D’abord le Président de la République doit consulter le premier ministre, le président de l’assemblée nationale et celui du sénat.
Ensuite, il ne peut pas y procéder dans l’année qui suit les élections.

A la question maintenant de répondre si ce pouvoir de dissolution est un Pouvoir propre ou pouvoir partagé du Président de la République
Les notions des pouvoirs propres et partagés du Président de la République sont prévues dans la constitution du 18 février 2006 à l’article 79 qui les distingue par le fait que les premiers sont limitativement énuméré et ne requièrent aucun contreseing, il s’agit des articles 78, 80, 84 et 143 ( nous pouvons aussi y ajouter les actes réglementaires autonomes du président de la république); et les deuxièmes sont toujours contresignés et ne sont pas limitativement énumérés. P.PACTET et F. MELIN-SOUCRAMANIEN ont parfaitement affirmé que les pouvoirs propres correspondent à des compétences d’attribution alors que les pouvoirs partagés représentent la catégorie de droit commun.
Nous pouvons directement découvrir que l’ordonnance portant dissolution de l’assemblée nationale ne fait pas partie des pouvoirs propres du président de la République car l’article 148 de la constitution congolaise n’étant pas énuméré à l’article 79 de la même constitution, il s’agit donc d’un pouvoir partagé.
Quant à la consultation du premier ministre et des présidents du sénat et de l’assemblée national le président n’est nullement tenu à leurs différents avis. Toutefois, l’avis du premier ministre doit être pris en compte faute de quoi au cas où les personnalités ne se sont pas mis d’accord l’ordonnance peut être rédigée mais faute du contreseing du premier ministre l’ordonnance ne pourra en principe produire aucun effet.

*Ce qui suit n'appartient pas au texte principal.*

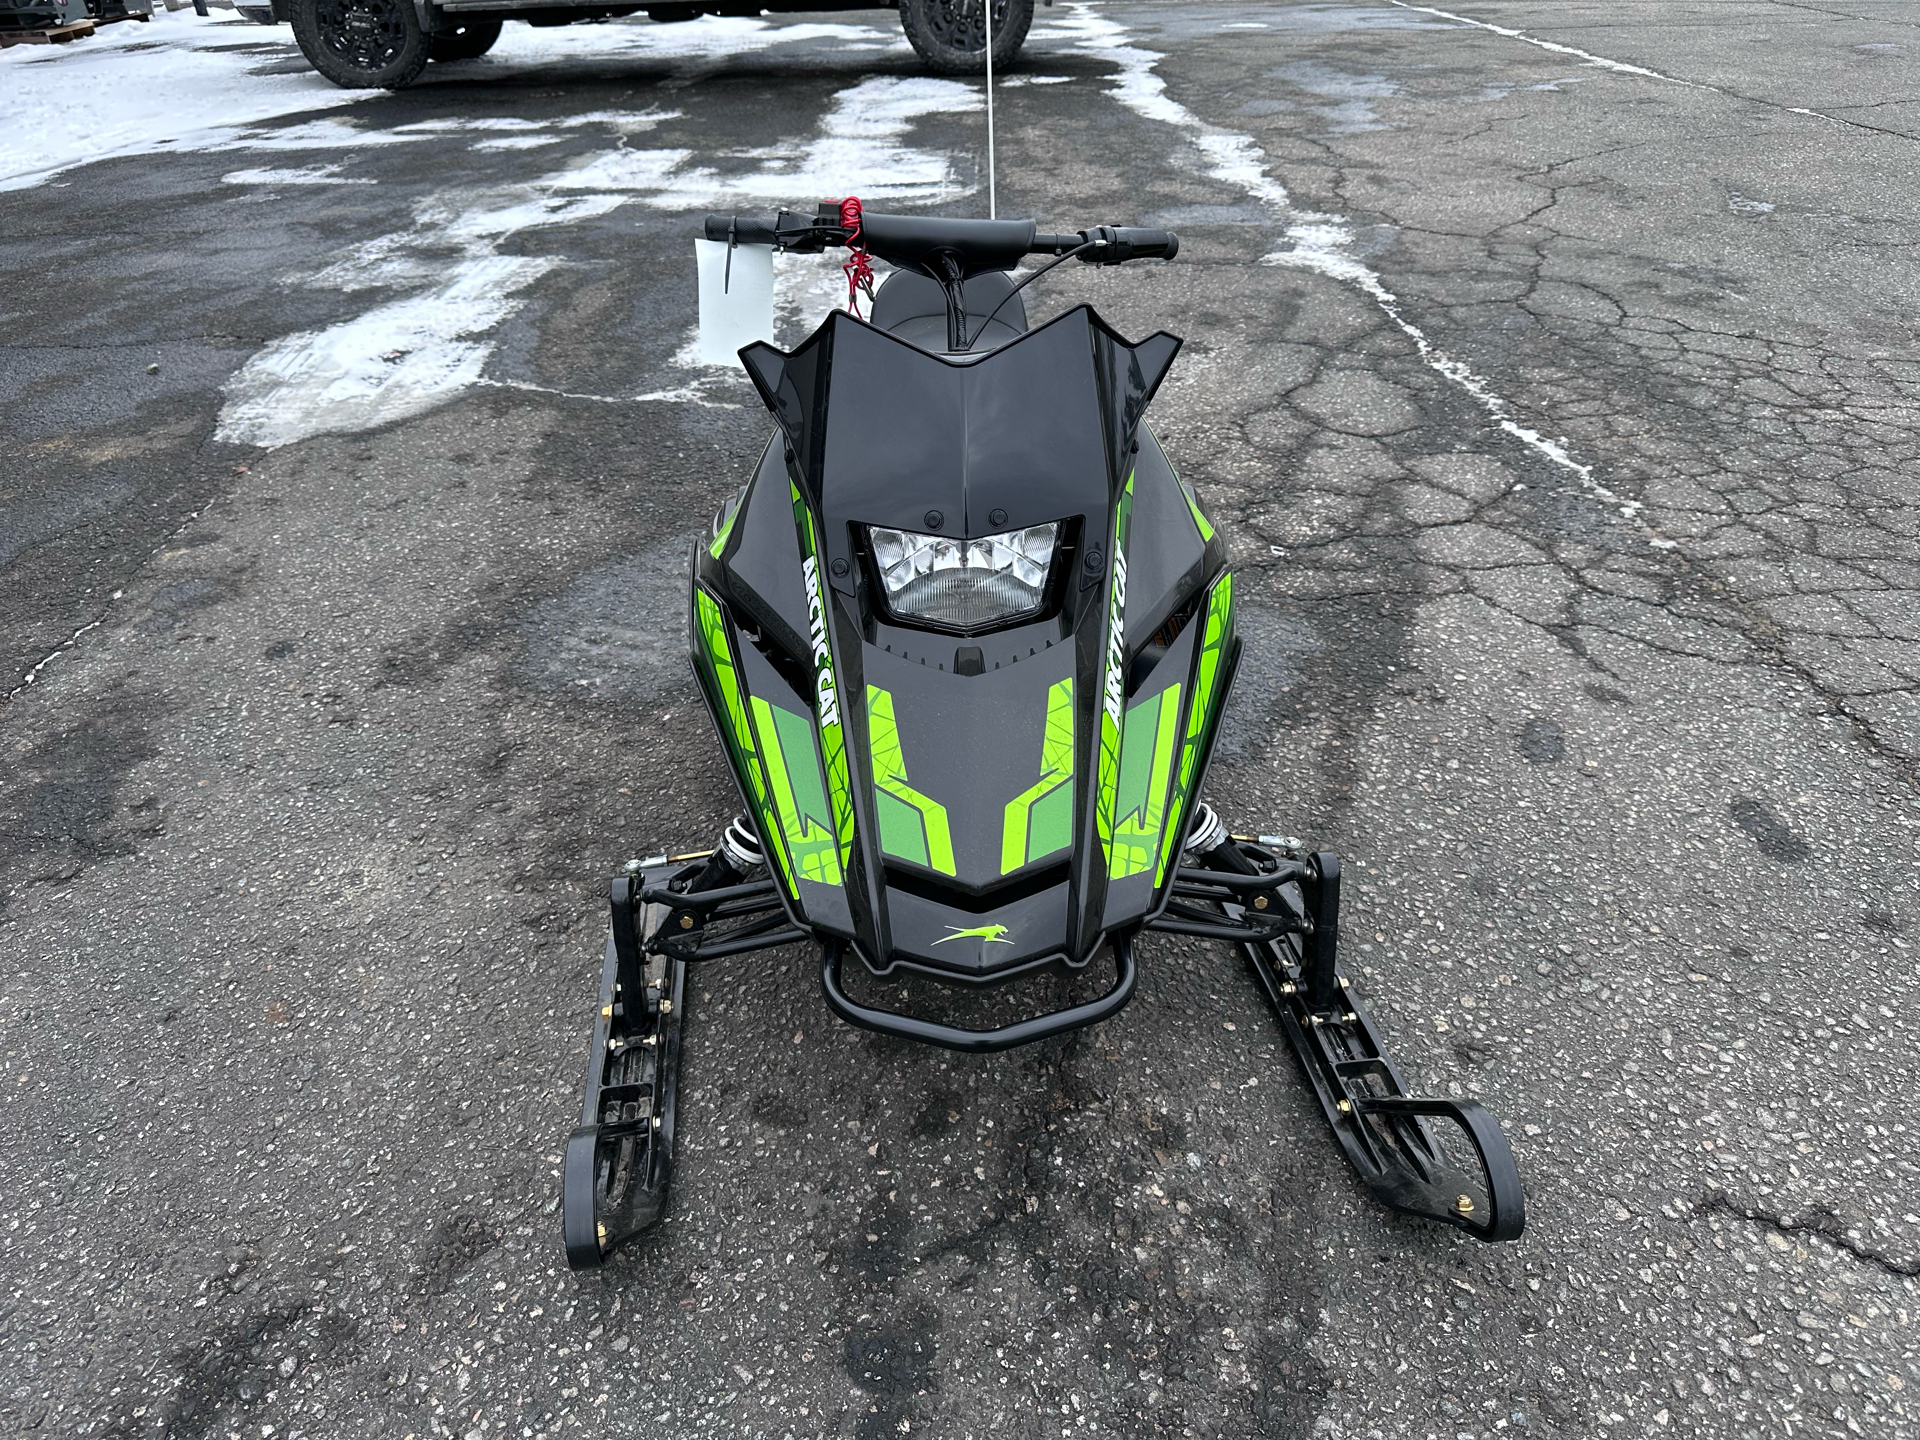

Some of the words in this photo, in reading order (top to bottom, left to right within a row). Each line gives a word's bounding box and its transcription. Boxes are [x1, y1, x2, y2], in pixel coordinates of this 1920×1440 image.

[1113, 538, 1127, 608] CAT
[802, 555, 829, 668] ARCTIC
[817, 667, 840, 728] CAT
[1105, 599, 1125, 732] ARCTIC

Alors dans le cas d’espèce, le président se doit de nommer un informateur pour redéfinir une nouvelle majorité parlementaire en mettant terme à la coalition FCC-CACH, celà a pour conséquence de faire réputé le gouvernement actuel démissionnaire ; ce qui sous-attend que le premier ministre devra remettre sa démission au près du PR avant que ce dernier ne procède à l’ordonnance nommant l’informateur et ce, pour dire que devant cette situation exceptionnelle la dissolution de l’Assemblée nnationale si elle arrivait d’être décidé par le PR ne fera pas objet d’un contreseing.
En conséquence, la nomination d’un informateur par le Président de la République ne violerait aucune disposition constitutionnelle par contre viendrait plutôt se conformer à l’exigence légale car elle n’y était pas faite précédemment à la suite d’une coalition polichinelle FCC-CACH, et autant pour la dissolution de l’Assemblée nationale dans le cas exceptionnel précédemment étayé.

Ainsi, pensons assouvir tant soit peu aux nombreuses questions liées à la problématique de la dissolution de l’Assemblée nationale par le Président de la République, en reconnaissant de n’avoir pas pu aborder tous les contours liés à ce sujet.